Contratempo de amar – Capítulo VIII
Na segunda-feira, me esforcei ao máximo para transparecer indiferença à presença de Diego, o que era muito difícil. Olhar para ele me causava uma imensa dor e um turbilhão de lembranças que eu gostaria de deixar para trás. Mas eu precisava me reportar à ele. Era o meu chefe, e estávamos em um dia muito importante para o jurídico. Precisaríamos relocar todo um setor de produção e com certeza haveriam muitas queixas e relatórios à serem emitidos e defendidos. Teria que engolir minha dor e trabalhar normalmente, pelo bem da minha carreira.
– Você revisou esse relatório, Juarez? – Diego pergunta pela milésima vez.
– Sim, chefe. Todas as quatro vezes que me pediu. – Juarez respondeu, brincando.
– Desculpa, cara. – Diego suspirou passando a mão nos cabelos – O dia hoje parece não ter fim. – me encara – Ávila, em que pé estamos com a contabilidade?
– Eu acabei de falar com a Alexandra. Estamos cobertos, por hora. – respondi e voltei os olhos para meu laptop.
– Diego, você tem um minuto? – Gustavo coloca o rosto pela fresta na porta e Diego se levanta indo em sua direção.
Será que Gustavo falaria sobre o episódio em sua casa agora? No meio de um dia tão atordoado? Senti um nó se formando em minha garganta e meu estômago revirando. Quando dei por mim já estava indo em direção ao seu escritório.

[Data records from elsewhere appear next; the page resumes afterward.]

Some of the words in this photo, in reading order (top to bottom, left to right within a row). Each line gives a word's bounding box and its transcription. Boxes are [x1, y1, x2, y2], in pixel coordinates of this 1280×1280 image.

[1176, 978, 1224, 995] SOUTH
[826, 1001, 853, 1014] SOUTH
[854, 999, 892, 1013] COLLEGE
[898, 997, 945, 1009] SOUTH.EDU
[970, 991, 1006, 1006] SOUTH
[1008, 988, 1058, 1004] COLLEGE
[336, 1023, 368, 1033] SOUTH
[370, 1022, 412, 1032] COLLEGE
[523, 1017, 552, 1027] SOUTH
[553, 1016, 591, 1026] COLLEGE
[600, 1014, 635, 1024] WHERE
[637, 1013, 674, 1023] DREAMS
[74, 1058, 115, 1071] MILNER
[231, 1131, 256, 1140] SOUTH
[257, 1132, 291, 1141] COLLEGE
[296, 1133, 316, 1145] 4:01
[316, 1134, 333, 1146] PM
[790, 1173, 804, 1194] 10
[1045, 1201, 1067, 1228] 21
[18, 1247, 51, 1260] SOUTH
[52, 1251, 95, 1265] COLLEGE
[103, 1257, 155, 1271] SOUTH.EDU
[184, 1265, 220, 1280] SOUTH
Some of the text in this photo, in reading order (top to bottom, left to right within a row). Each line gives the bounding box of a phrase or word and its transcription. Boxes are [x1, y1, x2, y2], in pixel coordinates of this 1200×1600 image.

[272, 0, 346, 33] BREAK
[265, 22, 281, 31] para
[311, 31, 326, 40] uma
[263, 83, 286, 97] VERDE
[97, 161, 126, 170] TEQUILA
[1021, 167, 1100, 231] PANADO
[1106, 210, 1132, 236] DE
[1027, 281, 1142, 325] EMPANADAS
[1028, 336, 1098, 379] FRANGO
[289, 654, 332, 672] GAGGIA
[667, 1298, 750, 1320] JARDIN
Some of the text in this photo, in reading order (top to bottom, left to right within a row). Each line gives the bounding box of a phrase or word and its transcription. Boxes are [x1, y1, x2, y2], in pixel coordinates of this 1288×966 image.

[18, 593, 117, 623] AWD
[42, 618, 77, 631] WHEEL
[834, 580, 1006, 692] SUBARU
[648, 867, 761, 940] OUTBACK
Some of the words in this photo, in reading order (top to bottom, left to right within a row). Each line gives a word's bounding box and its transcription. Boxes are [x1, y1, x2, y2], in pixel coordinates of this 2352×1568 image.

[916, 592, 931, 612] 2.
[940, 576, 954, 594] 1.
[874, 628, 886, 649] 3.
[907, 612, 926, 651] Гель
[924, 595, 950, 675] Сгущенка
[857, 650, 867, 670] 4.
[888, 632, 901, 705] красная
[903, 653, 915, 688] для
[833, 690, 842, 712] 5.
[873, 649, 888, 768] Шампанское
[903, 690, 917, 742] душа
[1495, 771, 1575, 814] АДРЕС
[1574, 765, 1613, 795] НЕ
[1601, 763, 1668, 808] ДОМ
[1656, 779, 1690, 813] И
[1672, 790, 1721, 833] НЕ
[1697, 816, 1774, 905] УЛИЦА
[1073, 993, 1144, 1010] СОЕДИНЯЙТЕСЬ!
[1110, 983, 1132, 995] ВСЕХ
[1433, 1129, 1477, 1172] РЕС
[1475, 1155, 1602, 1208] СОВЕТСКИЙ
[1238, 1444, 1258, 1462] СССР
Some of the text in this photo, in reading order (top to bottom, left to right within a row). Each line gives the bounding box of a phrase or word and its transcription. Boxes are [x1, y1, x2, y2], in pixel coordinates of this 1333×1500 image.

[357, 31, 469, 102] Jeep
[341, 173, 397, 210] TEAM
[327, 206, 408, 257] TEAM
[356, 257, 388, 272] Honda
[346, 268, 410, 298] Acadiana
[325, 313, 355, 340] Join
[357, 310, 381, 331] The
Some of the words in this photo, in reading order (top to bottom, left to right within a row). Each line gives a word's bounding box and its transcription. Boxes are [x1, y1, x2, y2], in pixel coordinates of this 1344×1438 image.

– Isabel, sua maluca, o que você tá fazendo aqui? – Joana sussurra chamando minha atenção quando me vê quase abrindo porta do escritório de Gustavo.
– Eu… Eu não sei! – confesso, agitada – O Gustavo chamou o Diego pra conversar, e eu acho que é pra explicar sobre a outra noite… Só que o Diego está uma pilha por causa da relocação, e eu não acho que seja uma boa ideia ele falar isso ago… – disparo e Joana me interrompe.
– Ei ei ei! Calma! – segura em minhas mãos – Vem cá, vamos até a cantina tomar um chá. Você precisa se acalmar. – me tranquiliza.
– Mas eu preciso saber o que eles estão… – Joana me interrompe.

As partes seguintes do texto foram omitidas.